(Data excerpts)
########################################

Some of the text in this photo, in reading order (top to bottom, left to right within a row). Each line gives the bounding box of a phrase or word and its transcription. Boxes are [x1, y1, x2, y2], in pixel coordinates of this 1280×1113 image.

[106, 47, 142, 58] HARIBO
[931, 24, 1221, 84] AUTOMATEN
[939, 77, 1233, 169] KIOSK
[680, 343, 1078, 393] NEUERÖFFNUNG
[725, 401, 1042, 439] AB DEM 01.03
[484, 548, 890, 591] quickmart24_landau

########################################

▶ [PROBLEM TO WORK ON]
Every entry above should be transcribed exactly as it appears.

▶ [ANSWER SECTION]
Some of the text in this photo, in reading order (top to bottom, left to right within a row). Each line gives the bounding box of a phrase or word and its transcription. Boxes are [x1, y1, x2, y2], in pixel coordinates of this 1280×1113 image.

[106, 47, 142, 58] HARIBO
[931, 24, 1221, 84] AUTOMATEN
[939, 77, 1233, 169] KIOSK
[680, 343, 1078, 393] NEUERÖFFNUNG
[725, 401, 1042, 439] AB DEM 01.03
[484, 548, 890, 591] quickmart24_landau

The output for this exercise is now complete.